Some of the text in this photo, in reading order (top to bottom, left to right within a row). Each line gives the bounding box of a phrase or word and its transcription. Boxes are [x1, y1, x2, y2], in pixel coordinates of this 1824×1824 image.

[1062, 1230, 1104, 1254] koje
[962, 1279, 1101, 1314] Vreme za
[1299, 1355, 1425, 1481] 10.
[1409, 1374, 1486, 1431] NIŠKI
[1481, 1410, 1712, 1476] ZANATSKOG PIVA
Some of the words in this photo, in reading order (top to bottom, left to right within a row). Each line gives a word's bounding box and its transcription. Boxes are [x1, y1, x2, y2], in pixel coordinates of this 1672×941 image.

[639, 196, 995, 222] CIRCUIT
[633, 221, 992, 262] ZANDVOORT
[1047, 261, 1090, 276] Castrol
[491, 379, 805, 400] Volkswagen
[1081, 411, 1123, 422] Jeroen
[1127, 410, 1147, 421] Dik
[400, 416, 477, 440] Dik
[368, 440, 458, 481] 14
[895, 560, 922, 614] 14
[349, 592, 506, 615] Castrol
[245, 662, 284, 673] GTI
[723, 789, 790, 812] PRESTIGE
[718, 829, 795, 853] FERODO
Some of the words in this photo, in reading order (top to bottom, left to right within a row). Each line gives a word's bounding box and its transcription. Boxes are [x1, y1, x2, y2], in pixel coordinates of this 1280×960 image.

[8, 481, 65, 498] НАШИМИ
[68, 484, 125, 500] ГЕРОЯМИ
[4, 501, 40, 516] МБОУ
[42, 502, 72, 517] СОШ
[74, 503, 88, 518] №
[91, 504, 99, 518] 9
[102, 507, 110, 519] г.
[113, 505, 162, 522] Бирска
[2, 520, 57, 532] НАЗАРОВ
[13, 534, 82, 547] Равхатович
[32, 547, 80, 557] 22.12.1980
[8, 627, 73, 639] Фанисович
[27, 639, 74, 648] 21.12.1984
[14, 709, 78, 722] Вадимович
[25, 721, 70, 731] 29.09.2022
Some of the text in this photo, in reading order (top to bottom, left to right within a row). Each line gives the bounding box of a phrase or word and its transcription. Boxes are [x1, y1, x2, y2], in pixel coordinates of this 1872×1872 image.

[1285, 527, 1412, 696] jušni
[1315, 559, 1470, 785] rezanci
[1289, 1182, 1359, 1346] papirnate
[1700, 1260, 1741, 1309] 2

□ □ □

▶ **Goal of the exercise**: All the entries above are to be transcribed without any alteration.

▶ **Task response**:
Some of the text in this photo, in reading order (top to bottom, left to right within a row). Each line gives the bounding box of a phrase or word and its transcription. Boxes are [x1, y1, x2, y2], in pixel coordinates of this 1824×1824 image.

[1062, 1230, 1104, 1254] koje
[962, 1279, 1101, 1314] Vreme za
[1299, 1355, 1425, 1481] 10.
[1409, 1374, 1486, 1431] NIŠKI
[1481, 1410, 1712, 1476] ZANATSKOG PIVA
Some of the words in this photo, in reading order (top to bottom, left to right within a row). Each line gives a word's bounding box and its transcription. Boxes are [x1, y1, x2, y2], in pixel coordinates of this 1672×941 image.

[639, 196, 995, 222] CIRCUIT
[633, 221, 992, 262] ZANDVOORT
[1047, 261, 1090, 276] Castrol
[491, 379, 805, 400] Volkswagen
[1081, 411, 1123, 422] Jeroen
[1127, 410, 1147, 421] Dik
[400, 416, 477, 440] Dik
[368, 440, 458, 481] 14
[895, 560, 922, 614] 14
[349, 592, 506, 615] Castrol
[245, 662, 284, 673] GTI
[723, 789, 790, 812] PRESTIGE
[718, 829, 795, 853] FERODO
Some of the words in this photo, in reading order (top to bottom, left to right within a row). Each line gives a word's bounding box and its transcription. Boxes are [x1, y1, x2, y2], in pixel coordinates of this 1280×960 image.

[8, 481, 65, 498] НАШИМИ
[68, 484, 125, 500] ГЕРОЯМИ
[4, 501, 40, 516] МБОУ
[42, 502, 72, 517] СОШ
[74, 503, 88, 518] №
[91, 504, 99, 518] 9
[102, 507, 110, 519] г.
[113, 505, 162, 522] Бирска
[2, 520, 57, 532] НАЗАРОВ
[13, 534, 82, 547] Равхатович
[32, 547, 80, 557] 22.12.1980
[8, 627, 73, 639] Фанисович
[27, 639, 74, 648] 21.12.1984
[14, 709, 78, 722] Вадимович
[25, 721, 70, 731] 29.09.2022
Some of the text in this photo, in reading order (top to bottom, left to right within a row). Each line gives the bounding box of a phrase or word and its transcription. Boxes are [x1, y1, x2, y2], in pixel coordinates of this 1872×1872 image.

[1285, 527, 1412, 696] jušni
[1315, 559, 1470, 785] rezanci
[1289, 1182, 1359, 1346] papirnate
[1700, 1260, 1741, 1309] 2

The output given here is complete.